Baltazar Gomes Figueira (1604-1674) e Josefa de Ayala (1630-1684) A pintura da

‘escola de Óbidos’, a resistência anti-castelhana e os ‘géneros’ emergentes: ‘bodegones’,

‘vedutas’ e ‘floreiros’.

A Natureza-Morta (Bodegón) encontra em Portugal duas personalidades de contornos

internacionais: Baltazar Gomes Figueira (1604-1674) e sua filha Josefa de Ayala e Cabrera (1630-

1684), nascida em Sevilha e desde moça radicada em Óbidos, onde viveu boa parte da existência. O

pai, famoso pelos bodegones (tal como então se apelidavam as naturezas-mortas) e as paisagens

(denominadas países), tinha tido demorada educação em Sevilha, onde o convívio com Francisco de

Herrera el Viejo, Francisco Pacheco e Francisco de Zurbarán lhe permitiu gerar um estilo sedutor em

géneros onde seria especialista. Citado pelo exigente crítico Félix da Costa Meesen (1696) como «o

sevilhano que nos paizes foi celebrado», Baltazar teve excepcionais recursos, sendo o único pintor

português com obra exposta em museus estrangeiros como o Louvre de Paris e os Uffizi de Florença.

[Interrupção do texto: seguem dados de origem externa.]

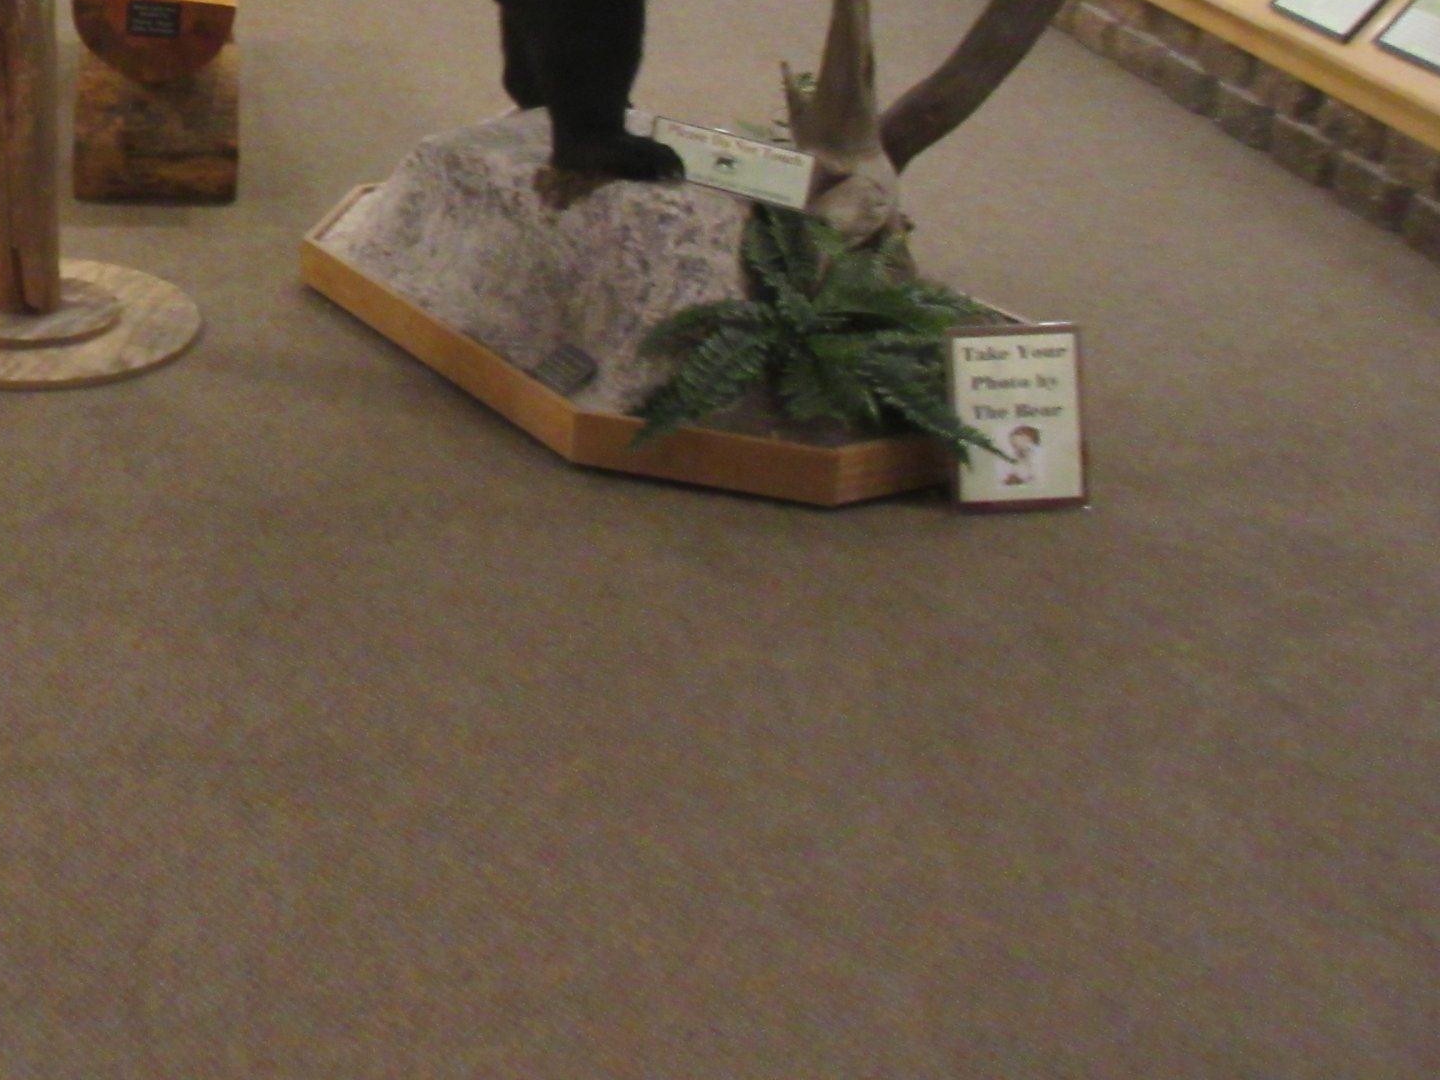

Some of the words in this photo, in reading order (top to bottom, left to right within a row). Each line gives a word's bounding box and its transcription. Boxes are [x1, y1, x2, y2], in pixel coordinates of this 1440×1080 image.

No momento em que Óbidos prepara a sua candidatura a Património da Humanidade, destacar a

arte de Baltazar e de Josefa (num contexto artístico que inclui obras de outros importantes artistas

nacionais dos séculos XVI e XVII, como Diogo Teixeira, Belchior de Matos, André Reinoso, Marcos da

Cruz ou Bento Coelho) constitui sem dúvida um dos pontos fortes da empresa. Embora a maior

parte das obras de Baltazar e Josefa se encontre em museus e colecções exteriores a Óbidos, o que

ainda assim subsiste no Concelho (e nos de Peniche, Bombarral, Lourinhã e Caldas da Raínha)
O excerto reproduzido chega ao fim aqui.